▶ _EXERCISE INSTRUCTIONS_:
The listing below is to be copied exactly, with pictures excluded.

▶ _RECORD SET_:
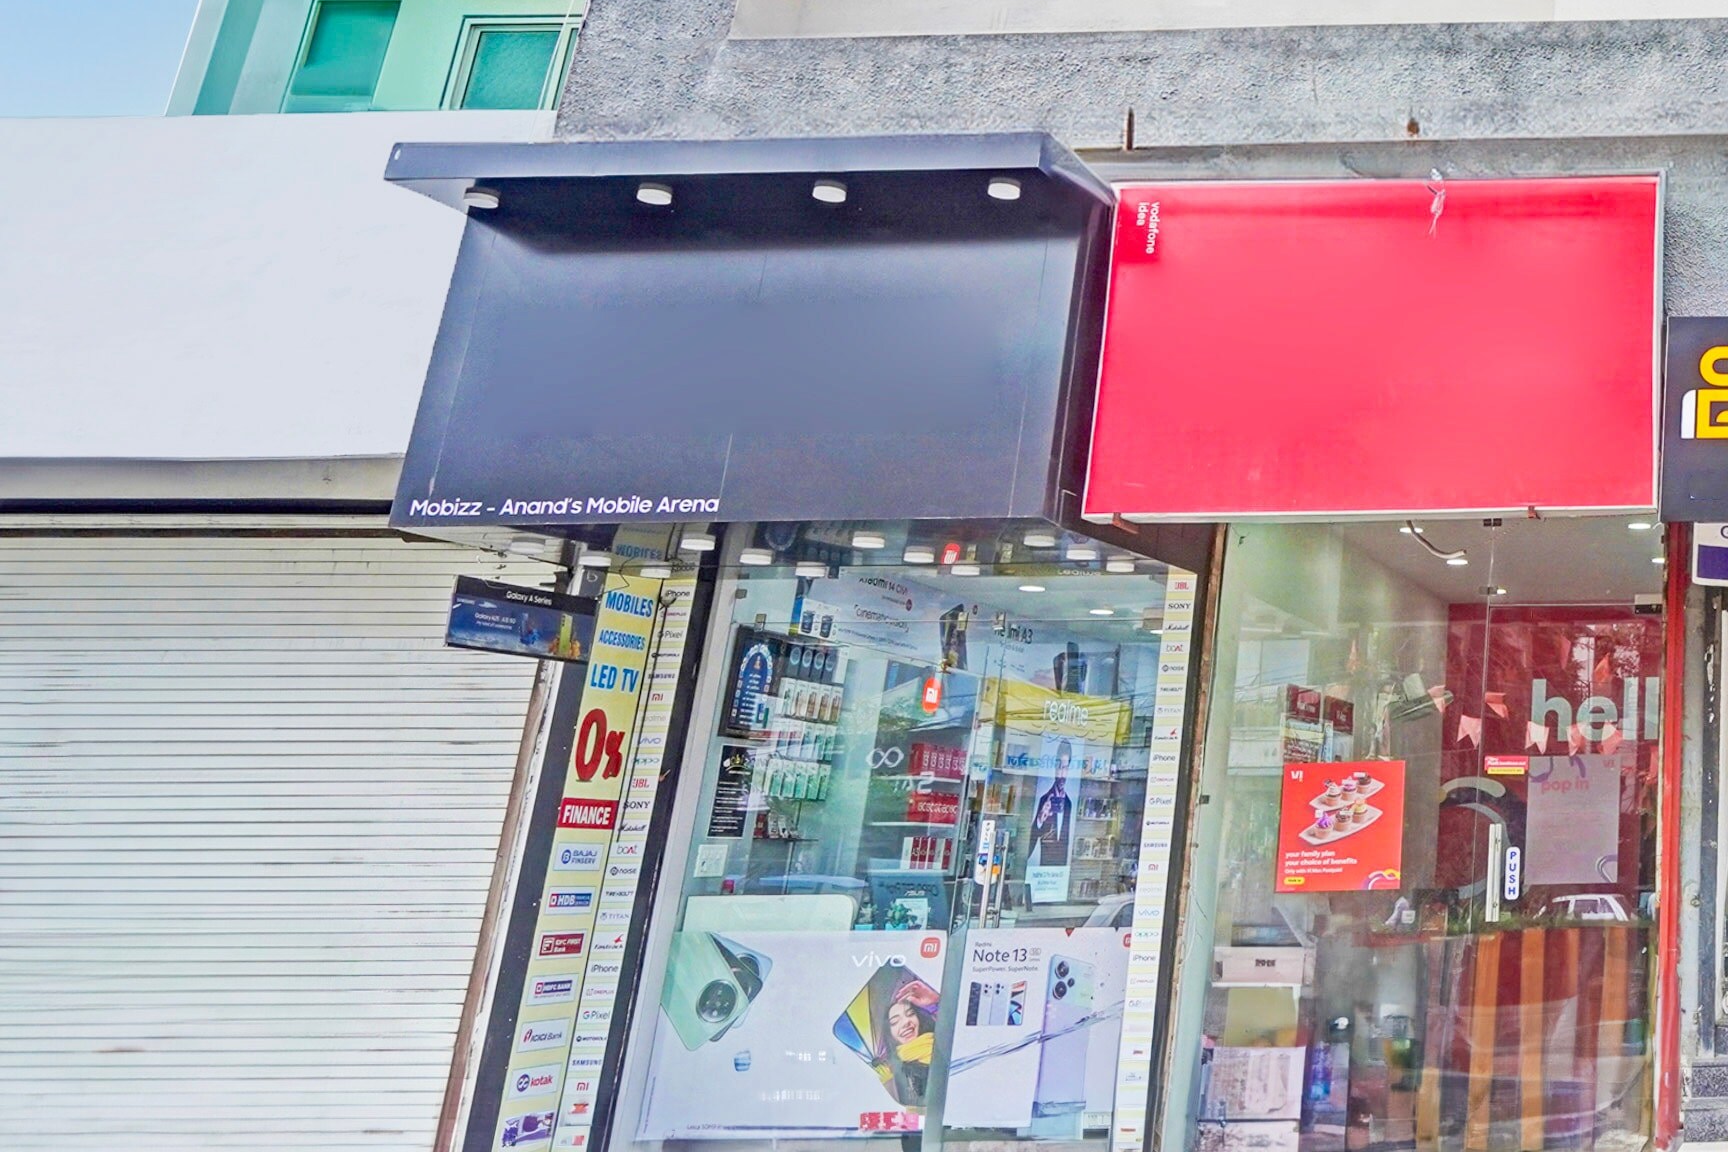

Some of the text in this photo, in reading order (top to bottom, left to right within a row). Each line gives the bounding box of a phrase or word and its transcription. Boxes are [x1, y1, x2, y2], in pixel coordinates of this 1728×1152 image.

[409, 499, 481, 516] Mobizz
[499, 498, 582, 516] Anand's
[586, 497, 652, 514] Mobile
[656, 497, 719, 513] Arena
[506, 590, 528, 605] Galaxy
[667, 589, 690, 597] iPhone
[605, 591, 654, 617] MOBILES
[598, 629, 646, 650] ACCESSORIES
[665, 631, 683, 639] Pixel
[590, 663, 640, 693] LED TV
[1044, 700, 1089, 726] realme
[1153, 754, 1176, 762] iPhone
[624, 801, 650, 809] SONY
[562, 805, 611, 825] FINANCE
[1286, 851, 1300, 859] your
[1331, 857, 1357, 865] benefits
[1509, 851, 1518, 895] PUSH
[852, 951, 906, 967] vivo
[973, 948, 1027, 962] Note 13
[1132, 954, 1156, 962] iPhone
[591, 964, 619, 973] iPhone
[530, 1075, 553, 1087] kotak
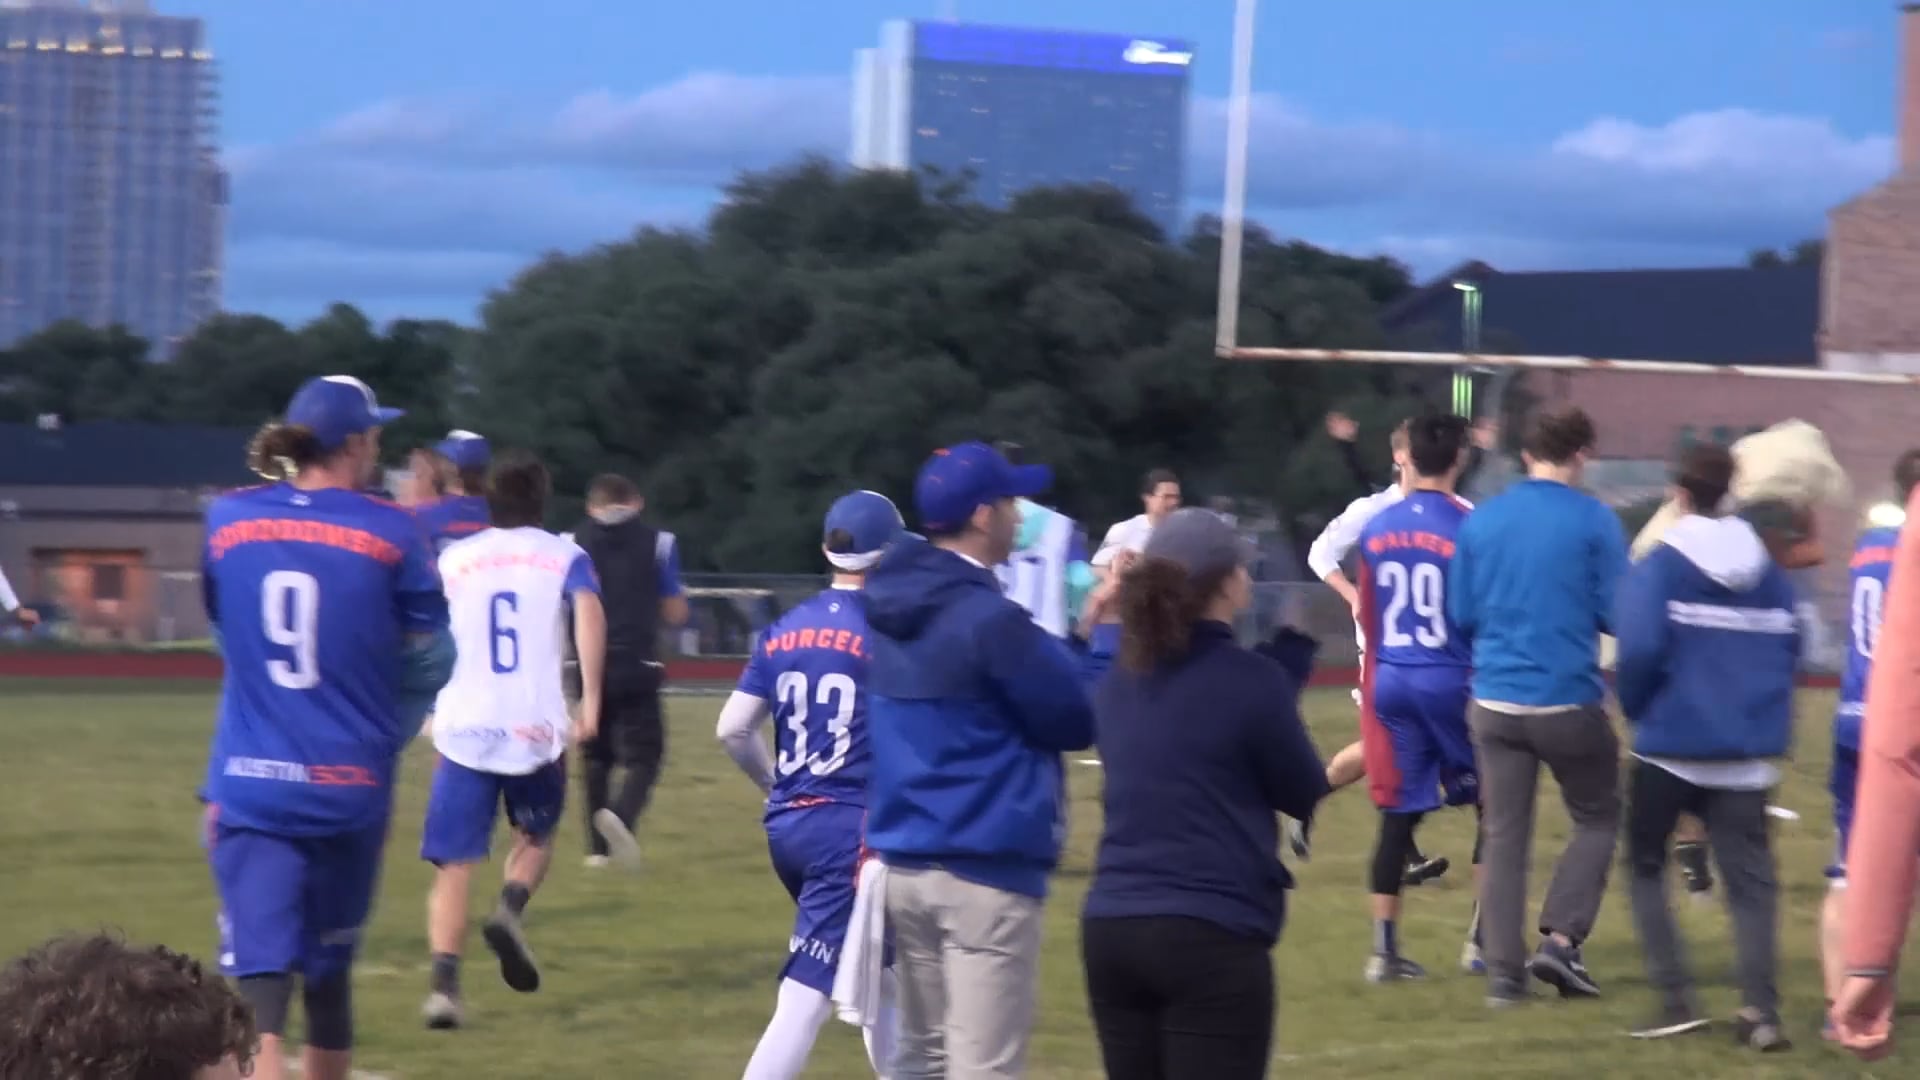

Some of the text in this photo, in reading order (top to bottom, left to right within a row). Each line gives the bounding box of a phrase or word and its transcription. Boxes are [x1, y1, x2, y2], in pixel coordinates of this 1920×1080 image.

[261, 570, 321, 690] 9
[489, 590, 519, 675] 6
[765, 627, 874, 662] PURCEL
[1376, 560, 1448, 648] 29
[775, 670, 857, 777] 33
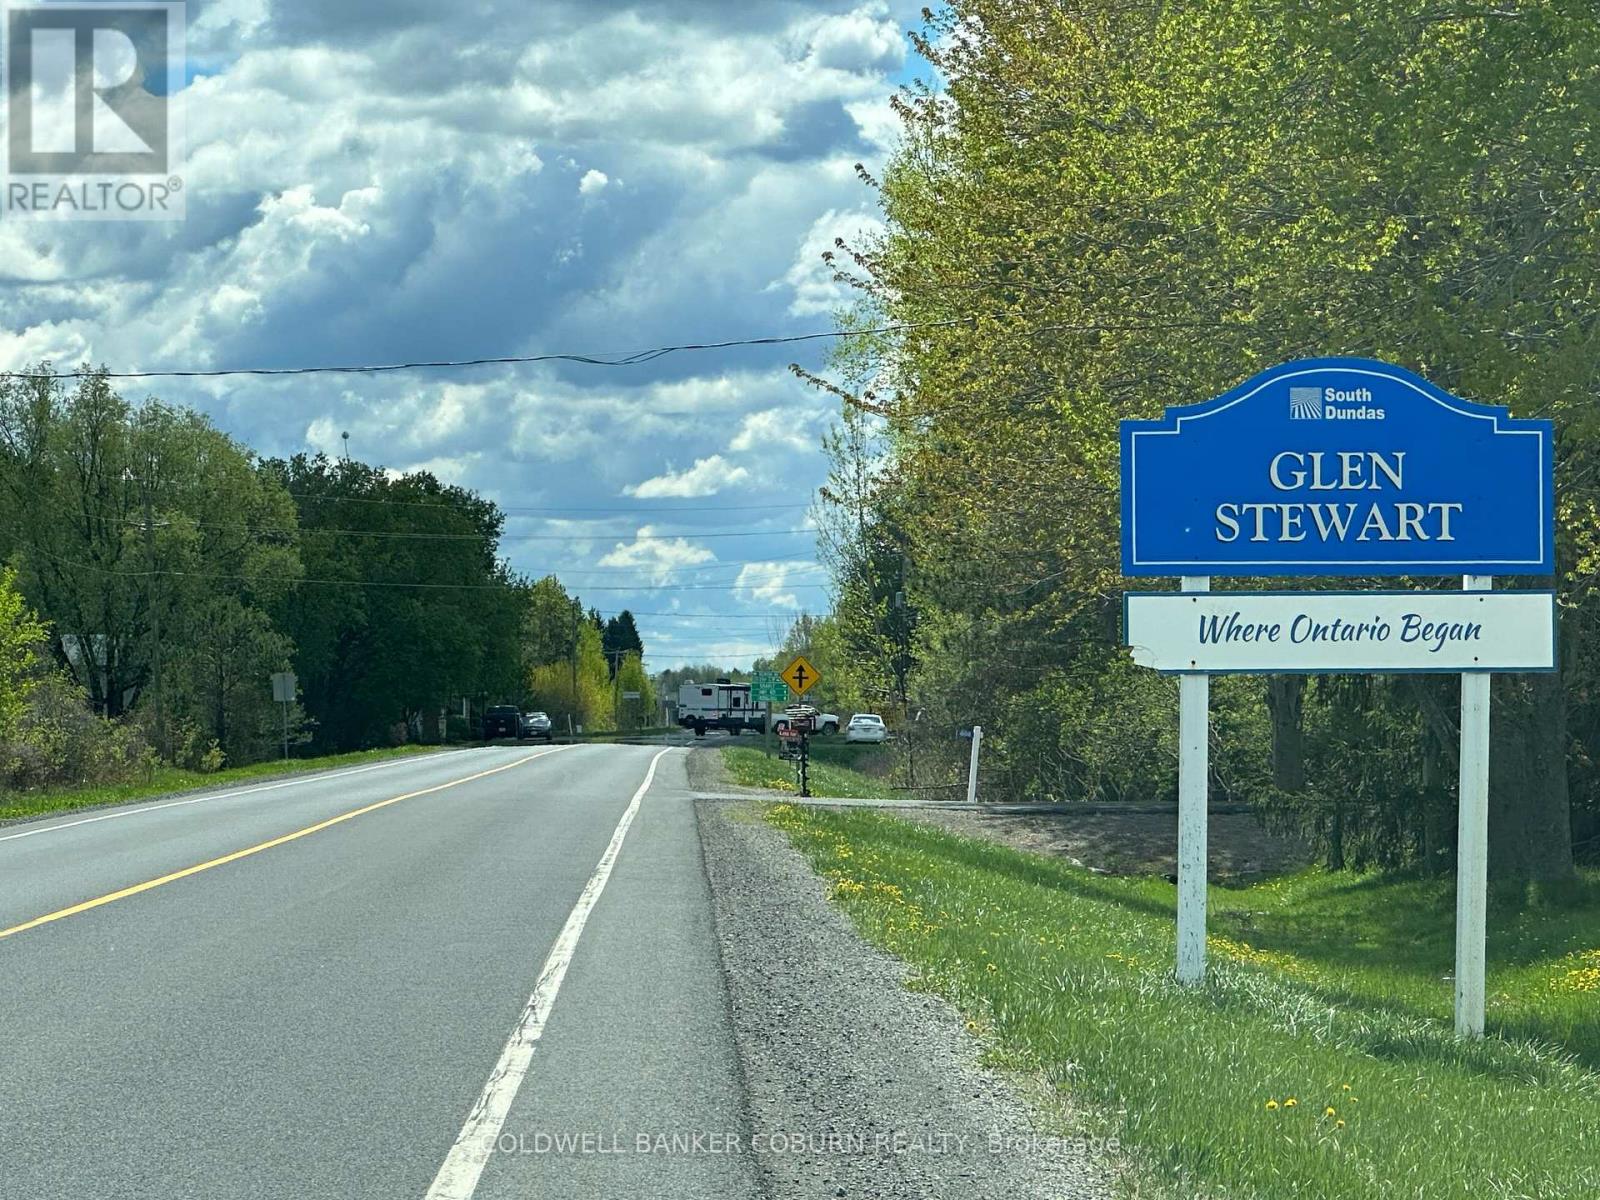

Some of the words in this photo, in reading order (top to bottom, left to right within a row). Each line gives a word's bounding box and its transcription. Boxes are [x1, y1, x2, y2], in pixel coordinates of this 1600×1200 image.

[1324, 387, 1372, 402] South
[1325, 405, 1386, 420] Dundas
[1269, 451, 1406, 491] GLEN
[1214, 502, 1463, 543] STEWART
[1199, 611, 1281, 644] Where
[1290, 614, 1390, 643] Ontario
[1399, 613, 1482, 652] Began

▶ _EXERCISE RESPONSE_:
Some of the text in this photo, in reading order (top to bottom, left to right within a row). Each line gives the bounding box of a phrase or word and its transcription. Boxes are [x1, y1, x2, y2], in pixel coordinates of this 1728×1152 image.

[409, 499, 481, 516] Mobizz
[499, 498, 582, 516] Anand's
[586, 497, 652, 514] Mobile
[656, 497, 719, 513] Arena
[506, 590, 528, 605] Galaxy
[667, 589, 690, 597] iPhone
[605, 591, 654, 617] MOBILES
[598, 629, 646, 650] ACCESSORIES
[665, 631, 683, 639] Pixel
[590, 663, 640, 693] LED TV
[1044, 700, 1089, 726] realme
[1153, 754, 1176, 762] iPhone
[624, 801, 650, 809] SONY
[562, 805, 611, 825] FINANCE
[1286, 851, 1300, 859] your
[1331, 857, 1357, 865] benefits
[1509, 851, 1518, 895] PUSH
[852, 951, 906, 967] vivo
[973, 948, 1027, 962] Note 13
[1132, 954, 1156, 962] iPhone
[591, 964, 619, 973] iPhone
[530, 1075, 553, 1087] kotak

Some of the text in this photo, in reading order (top to bottom, left to right within a row). Each line gives the bounding box of a phrase or word and its transcription. Boxes are [x1, y1, x2, y2], in pixel coordinates of this 1920×1080 image.

[261, 570, 321, 690] 9
[489, 590, 519, 675] 6
[765, 627, 874, 662] PURCEL
[1376, 560, 1448, 648] 29
[775, 670, 857, 777] 33

Some of the words in this photo, in reading order (top to bottom, left to right within a row). Each line gives a word's bounding box and its transcription. Boxes are [x1, y1, x2, y2], in pixel coordinates of this 1600×1200 image.

[1324, 387, 1372, 402] South
[1325, 405, 1386, 420] Dundas
[1269, 451, 1406, 491] GLEN
[1214, 502, 1463, 543] STEWART
[1199, 611, 1281, 644] Where
[1290, 614, 1390, 643] Ontario
[1399, 613, 1482, 652] Began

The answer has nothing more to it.